9/14/13

Movie of the Week: The Pit (1981)


More like movie of the year. Did I say year? Nay, Movie of the 20th Century. Ah, Pit, where have you been all my life? I only discovered you a few weeks ago, but it seems like we've been together forever.

This 1981 aberration is a Canadian production shot in Beaver Dam, Wisconsin, and as you'll often find with Canadian horror, it sustains a surreal and uncomfortable-yet-irresistible vibe throughout. The whole movie is from the perspective of little Sammy, who looks like an average 12-year old boy, but has the voice of a 50-year old alcoholic midget. Plus he likes to play sadistic psychosexual games with grown women. He talks to his teddy bear, but it's not so weird, because the bear talks back (and, in a sequence that I find to be very scary for its sheer oddity, it also moves when the kid isn't around). Plus there's the titular pit, which Sammy uses to dispose of people he doesn't like. Plus there are troglodytes (whom the kid affectionately refers to as "Tra-la-logs") living in the pit, eating anyone who is pushed in. Plus a lot of other things happen.

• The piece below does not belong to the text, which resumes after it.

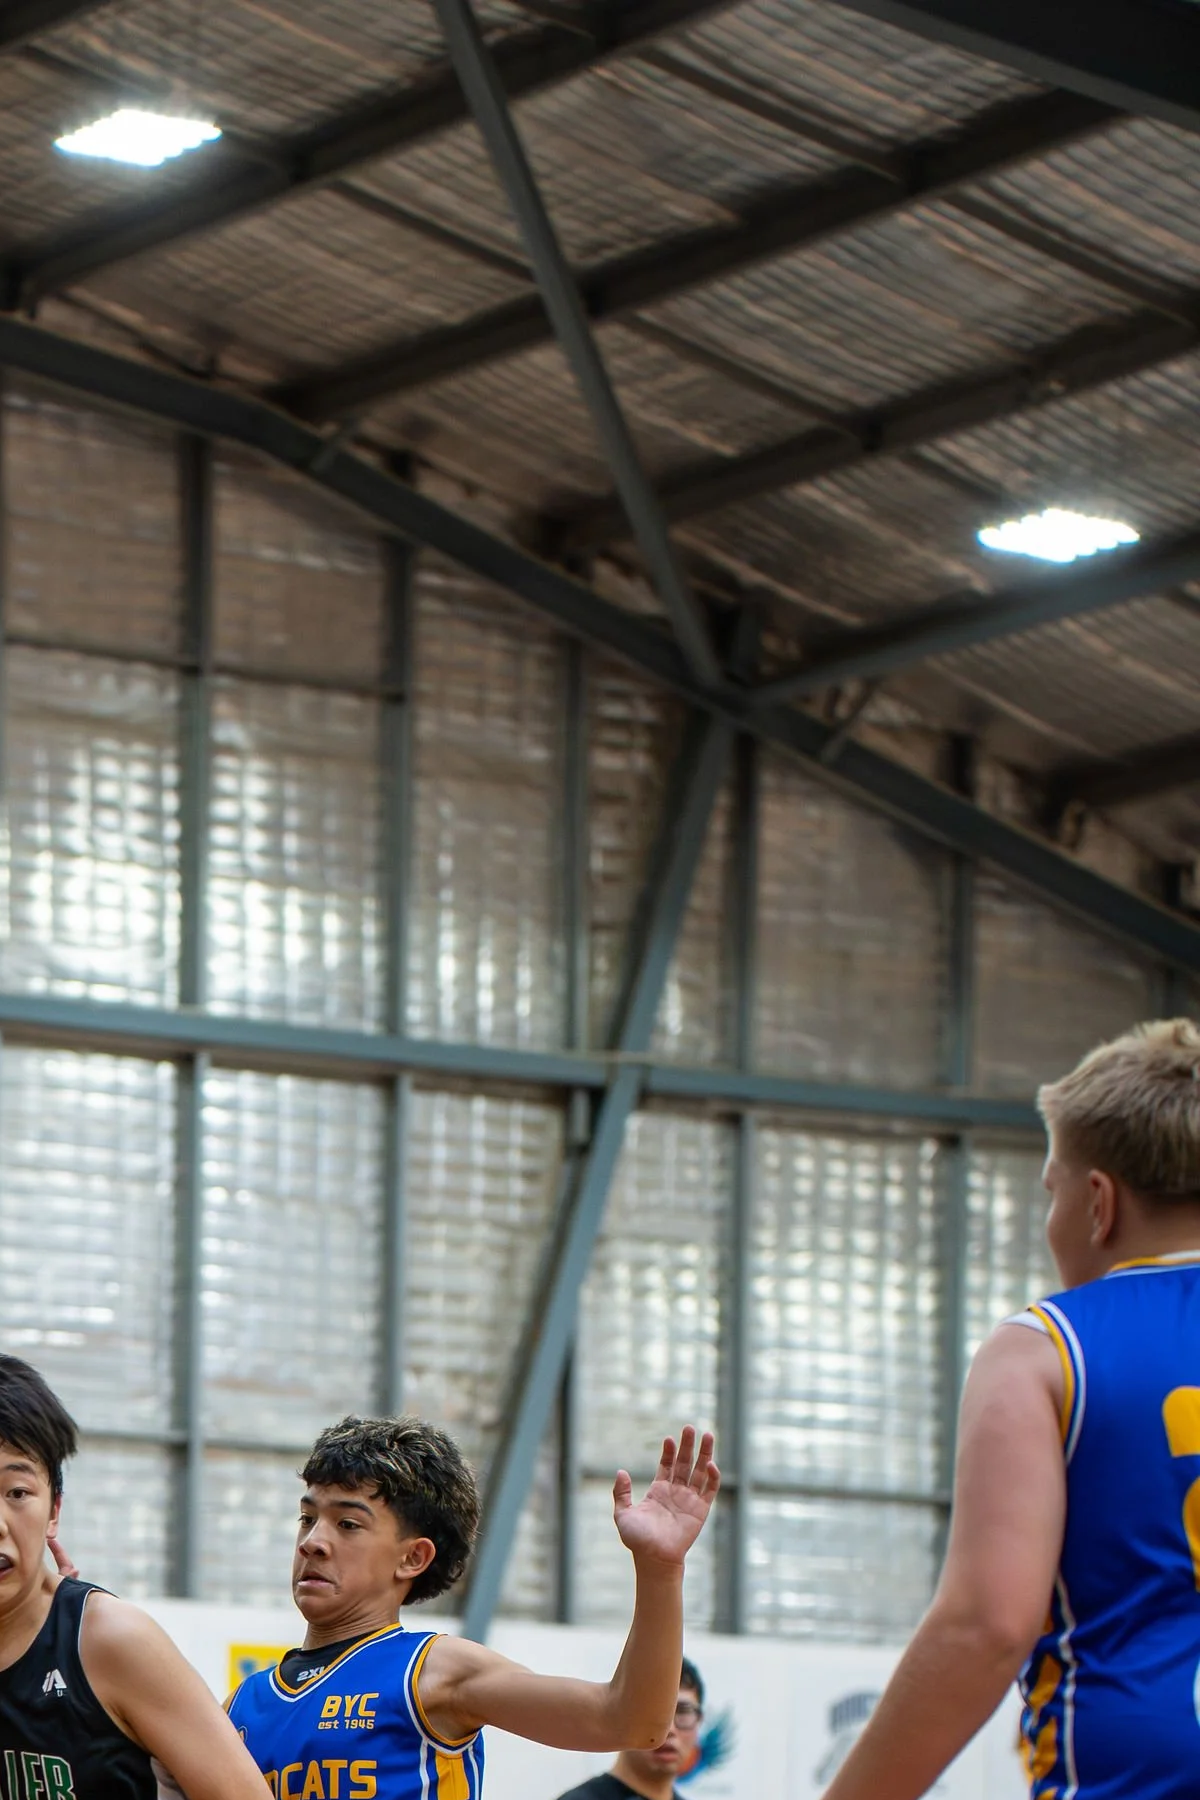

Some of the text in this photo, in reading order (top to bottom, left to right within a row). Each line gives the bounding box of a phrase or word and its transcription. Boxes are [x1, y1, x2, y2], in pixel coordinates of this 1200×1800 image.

Call it a conflation of The Bad Seed, Private Lessons, Child's Play and C.H.U.D. In other words, call it the best movie you've probably never heard of before. You're welcome.

(a minor note: my one complaint with this superlative work of cinema is the first three minutes, a flash-forward that is entirely replayed later anyway. I recommend skipping ahead to the title at 3:07. And the teacher in the opening scene is Bianca O'Blivion, from Cronenberg's Videodrome).